1. The problem statement, all variables and given/known data

We are given a matrix with the following data

Democrats Republicans Independents Libertarians
Democrats 0.81 0.08 0.16 0.10
Republicans 0.09 0.84 0.05 0.08
Independent 0.06 0.04 0.74 0.04
Libertarians 0.04 0.04 0.05 0.78

2. Relevant equations
Let xn be the vector (Dn, Rn, In, Ln)T. It represents the percentage of representatives of each party after n presidential elections and we shall call it the party distribution

in general xn = (Pn)(x0)

Why is it that for for a significantly large n, say n approaches infinity, no matter what your initial distribution of the electorate is, it does not seem to affect the distribution in the long term.

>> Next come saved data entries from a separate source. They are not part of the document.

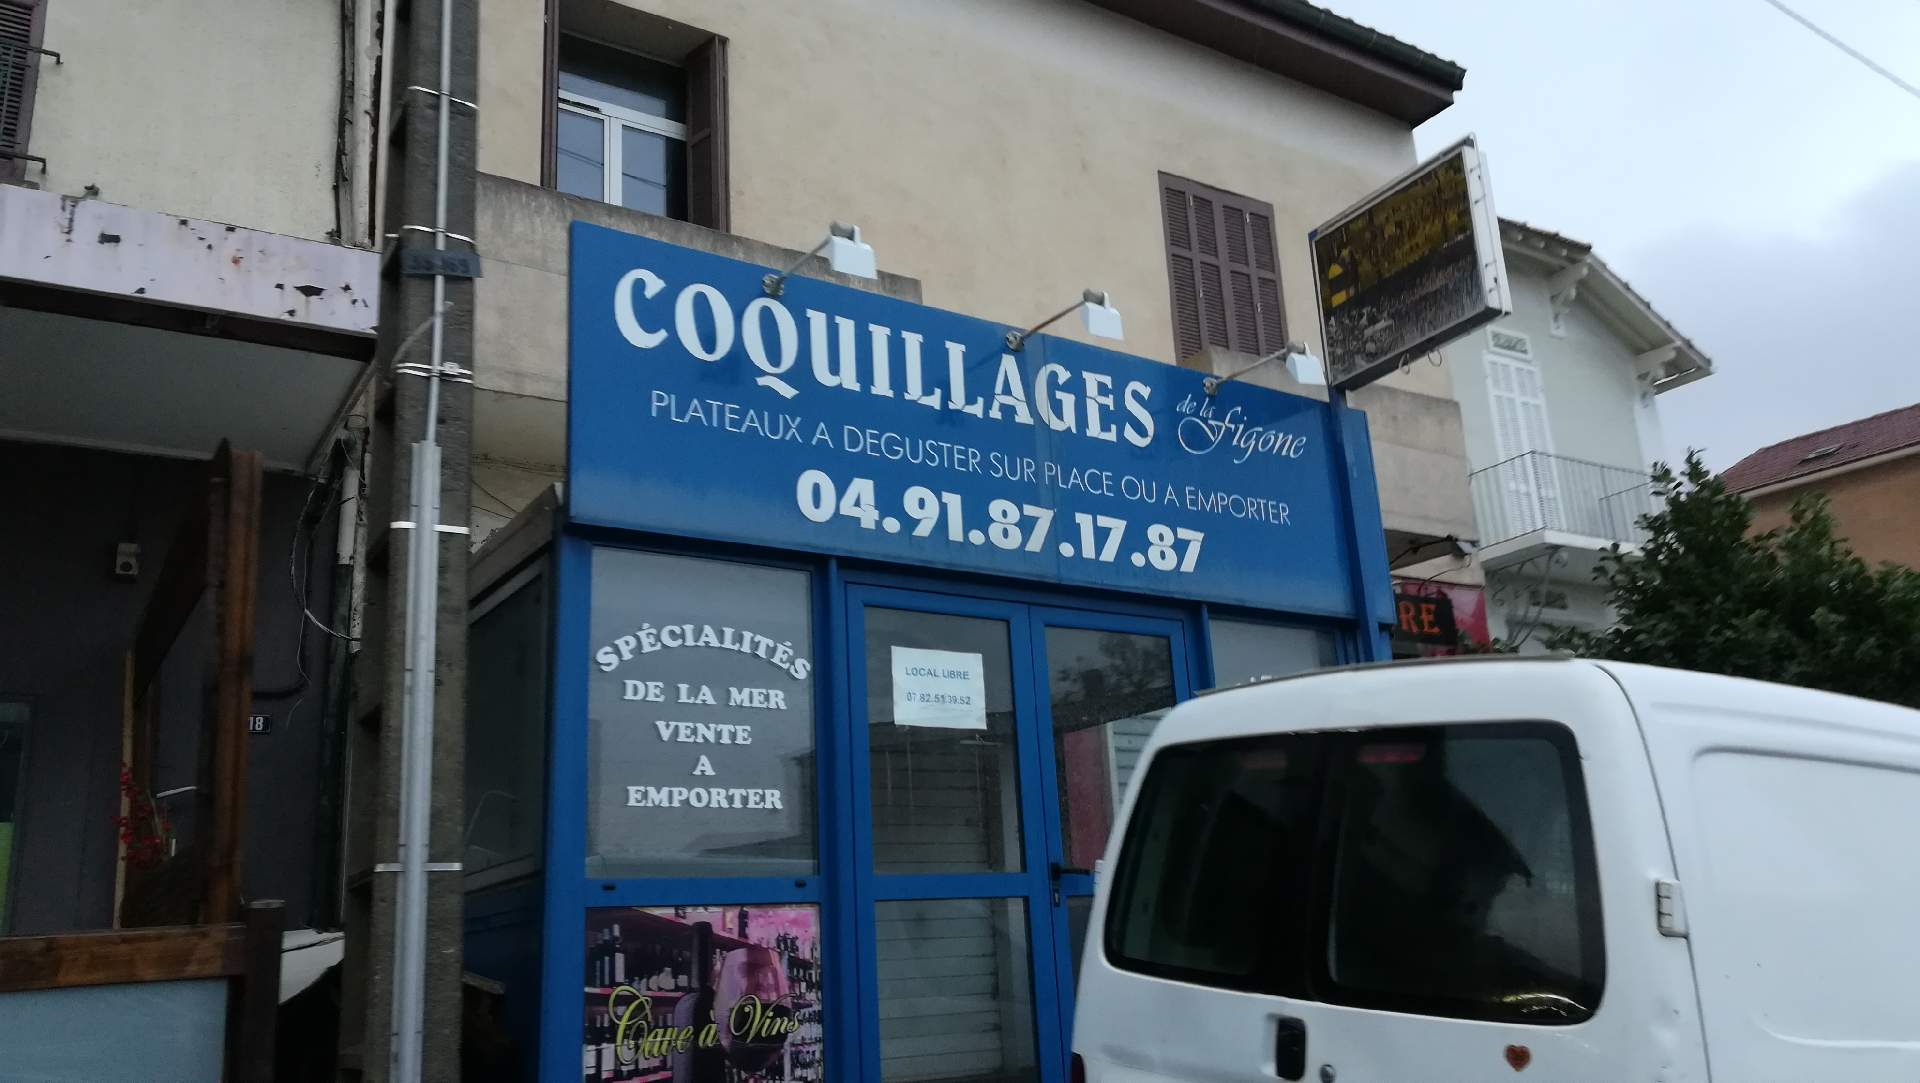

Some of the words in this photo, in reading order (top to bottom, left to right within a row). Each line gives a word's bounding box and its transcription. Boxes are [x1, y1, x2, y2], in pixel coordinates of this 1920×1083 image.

[614, 268, 1155, 447] COQUILLAGES
[1176, 393, 1197, 415] de
[1199, 397, 1216, 418] la
[1178, 406, 1307, 464] Figone
[651, 390, 803, 443] PLATEAUX
[811, 422, 834, 449] A
[843, 425, 982, 474] DEGUSTER
[989, 452, 1036, 483] SUR
[1045, 461, 1114, 497] PLACE
[1121, 475, 1156, 503] OU
[1164, 484, 1180, 508] A
[1186, 486, 1291, 526] EMPORTER
[796, 469, 1205, 573] 04.91.87.17.87
[595, 623, 812, 680] SPÉCIALITÉS
[905, 667, 940, 678] LOCAL
[942, 669, 970, 680] LIBRE
[623, 679, 666, 702] DE
[677, 683, 718, 705] LA
[728, 687, 788, 710] MER
[906, 691, 971, 706] 0782.51.39.52
[655, 720, 752, 745] VENTE
[692, 755, 716, 776] A
[626, 786, 784, 810] EMPORTER
[608, 985, 694, 1065] Cave
[698, 1009, 719, 1048] à
[729, 993, 800, 1044] Vins

3. The attempt at a solution

Say, you can choose any vector in R4 for x0 so long as all the entries sum up to 100 and multiplying this by

Pinf =

0.3548 0.3548 0.3548 0.3548
0.3286 0.3286 0.3286 0.3286
0.1570 0.1570 0.1570 0.1570
0.1600 0.1600 0.1600 0.1600

will always give you the following vector:

35.4809
32.8634
15.7046
15.9955

Why is this?

I notice this is true for any Matrix P whose first row has entries that are all the same value second row has entries that are all the same value etc.